Le notaire doit bien faire le compte de la provision

Le statut des débours, c’est-à-dire le remboursement des frais qui sont portés en compte par le notaire à ses clients, a été précisé au point 3 de la décision n° E.T. 121.923 du 3 avril 2012.

Une décision TVA n° E.T. 123.376 du 31 janvier 2013 apporte une précision à ce sujet, concernant les frais d’inscription, de transcription ou de radiation d’hypothèque.
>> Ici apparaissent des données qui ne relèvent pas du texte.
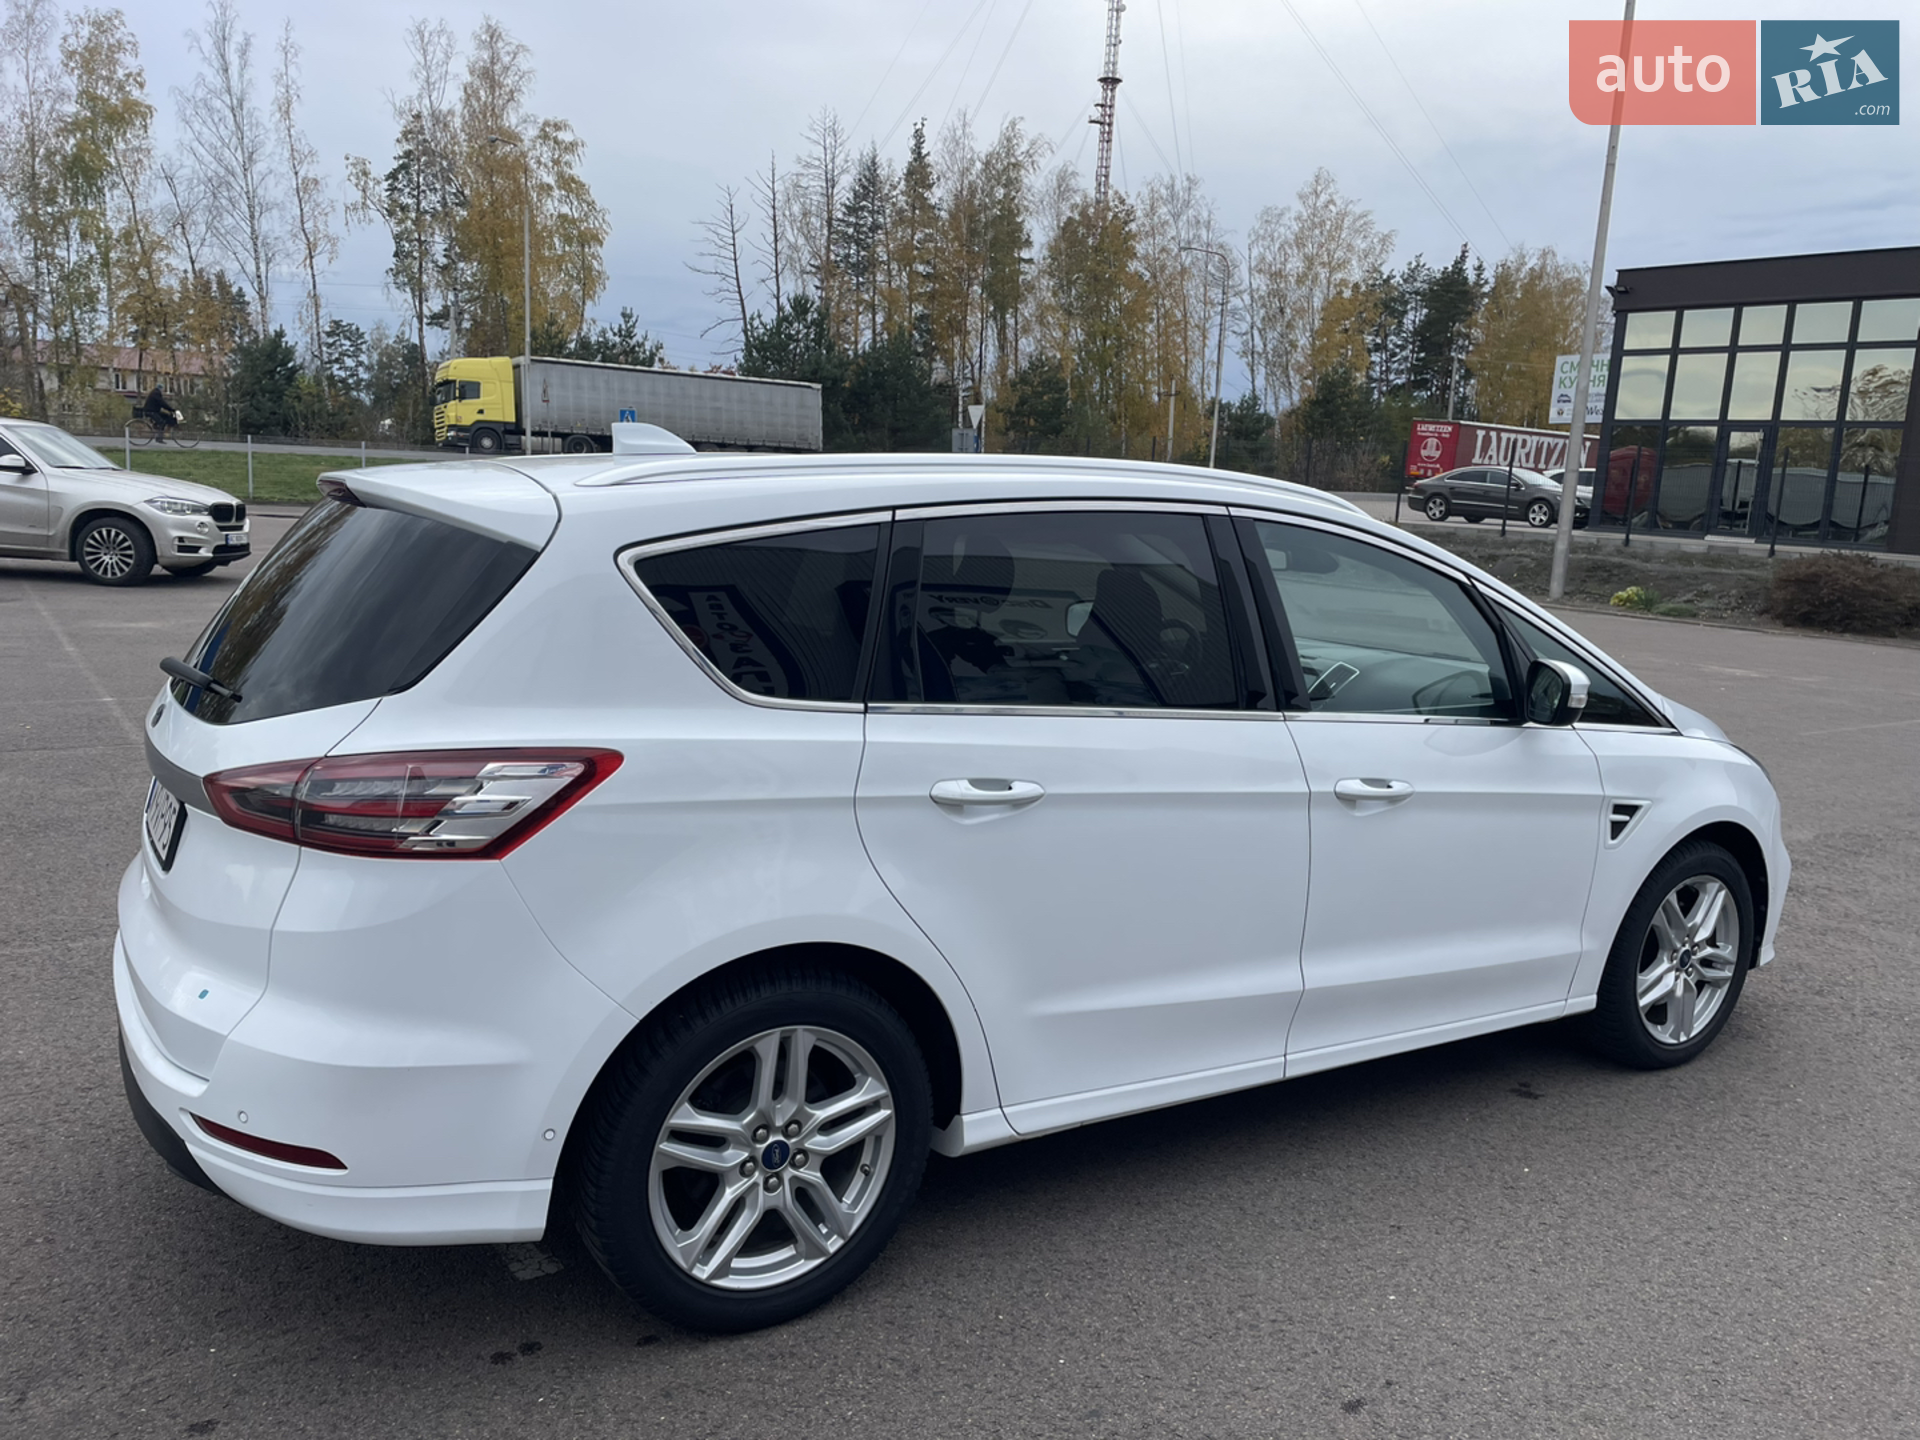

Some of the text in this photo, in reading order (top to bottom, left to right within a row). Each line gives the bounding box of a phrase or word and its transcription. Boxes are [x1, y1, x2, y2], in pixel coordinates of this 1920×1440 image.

L’article 28, 5°, du Code TVA exclut de la base d’imposition à la TVA les sommes avancées par le notaire pour des dépenses qu’il a engagées au nom et pour le compte de son client.

Les frais d’inscription, de transcription ou de radiation d’hypothèque qui sont portés en compte par le notaire à son client sont, notamment, à considérer comme des débours au sens de l’article 28, 5°, à la condition qu’ils soient répercutés pour leur montant exact.

Lorsque de tels frais ne sont pas portés en compte aux clients pour leur montant exact, ceux-ci doivent en principe être repris dans la base d’imposition.

Le notaire doit par conséquent acquitter la TVA sur le montant porté en compte.

Néanmoins, l’administration admet que lorsque le montant des frais d’inscription, de transcription ou de radiation d’hypothèque ne sont pas encore connus définitivement, pour leur montant exact, au moment où ils sont facturés ou portés en compte, aucune régularisation ne doit être effectuée pour autant que le montant facturé ou porté en compte initialement au client ne dépasse pas de plus de 5 € leur montant réel.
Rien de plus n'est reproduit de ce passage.